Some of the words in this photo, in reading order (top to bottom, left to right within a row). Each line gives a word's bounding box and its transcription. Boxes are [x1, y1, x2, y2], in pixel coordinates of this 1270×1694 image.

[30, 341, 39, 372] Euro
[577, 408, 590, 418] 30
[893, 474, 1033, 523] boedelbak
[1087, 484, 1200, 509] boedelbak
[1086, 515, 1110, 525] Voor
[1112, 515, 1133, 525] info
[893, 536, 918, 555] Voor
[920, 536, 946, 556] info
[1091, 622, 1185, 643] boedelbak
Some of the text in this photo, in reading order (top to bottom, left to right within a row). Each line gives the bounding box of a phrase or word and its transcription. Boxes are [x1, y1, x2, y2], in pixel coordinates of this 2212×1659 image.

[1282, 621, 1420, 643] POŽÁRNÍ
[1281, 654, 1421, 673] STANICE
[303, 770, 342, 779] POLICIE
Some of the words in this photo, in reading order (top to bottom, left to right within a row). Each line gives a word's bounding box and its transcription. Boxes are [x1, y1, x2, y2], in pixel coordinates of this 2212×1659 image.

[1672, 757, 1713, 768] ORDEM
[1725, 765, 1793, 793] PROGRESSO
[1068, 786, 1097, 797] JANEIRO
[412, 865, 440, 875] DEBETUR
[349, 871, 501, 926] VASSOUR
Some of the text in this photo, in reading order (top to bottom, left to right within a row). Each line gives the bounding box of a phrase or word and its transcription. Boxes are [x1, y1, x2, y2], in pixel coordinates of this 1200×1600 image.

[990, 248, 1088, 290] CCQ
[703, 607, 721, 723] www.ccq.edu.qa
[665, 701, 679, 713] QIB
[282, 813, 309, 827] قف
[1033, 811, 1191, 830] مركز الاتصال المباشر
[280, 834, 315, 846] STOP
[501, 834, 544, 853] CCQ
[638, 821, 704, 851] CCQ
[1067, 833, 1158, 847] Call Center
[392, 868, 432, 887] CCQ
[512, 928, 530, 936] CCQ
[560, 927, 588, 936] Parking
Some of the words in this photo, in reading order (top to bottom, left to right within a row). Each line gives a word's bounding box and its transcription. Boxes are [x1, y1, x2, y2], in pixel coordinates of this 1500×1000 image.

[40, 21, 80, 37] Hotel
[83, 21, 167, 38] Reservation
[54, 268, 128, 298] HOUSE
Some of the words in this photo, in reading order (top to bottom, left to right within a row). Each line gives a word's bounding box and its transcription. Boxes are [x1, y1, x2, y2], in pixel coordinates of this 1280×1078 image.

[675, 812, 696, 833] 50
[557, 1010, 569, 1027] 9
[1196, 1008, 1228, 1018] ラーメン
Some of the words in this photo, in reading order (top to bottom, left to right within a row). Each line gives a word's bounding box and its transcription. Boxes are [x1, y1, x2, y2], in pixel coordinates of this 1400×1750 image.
+ + + + + + +
▸ Task goal
Reproduce, with no other lines, the one containing "this 1280×1078 image." and all lines after it through the end of the data above.

▸ Output of the task
Some of the words in this photo, in reading order (top to bottom, left to right within a row). Each line gives a word's bounding box and its transcription. Boxes are [x1, y1, x2, y2], in pixel coordinates of this 1280×1078 image.

[675, 812, 696, 833] 50
[557, 1010, 569, 1027] 9
[1196, 1008, 1228, 1018] ラーメン
Some of the words in this photo, in reading order (top to bottom, left to right within a row). Each line gives a word's bounding box and its transcription. Boxes are [x1, y1, x2, y2], in pixel coordinates of this 1400×1750 image.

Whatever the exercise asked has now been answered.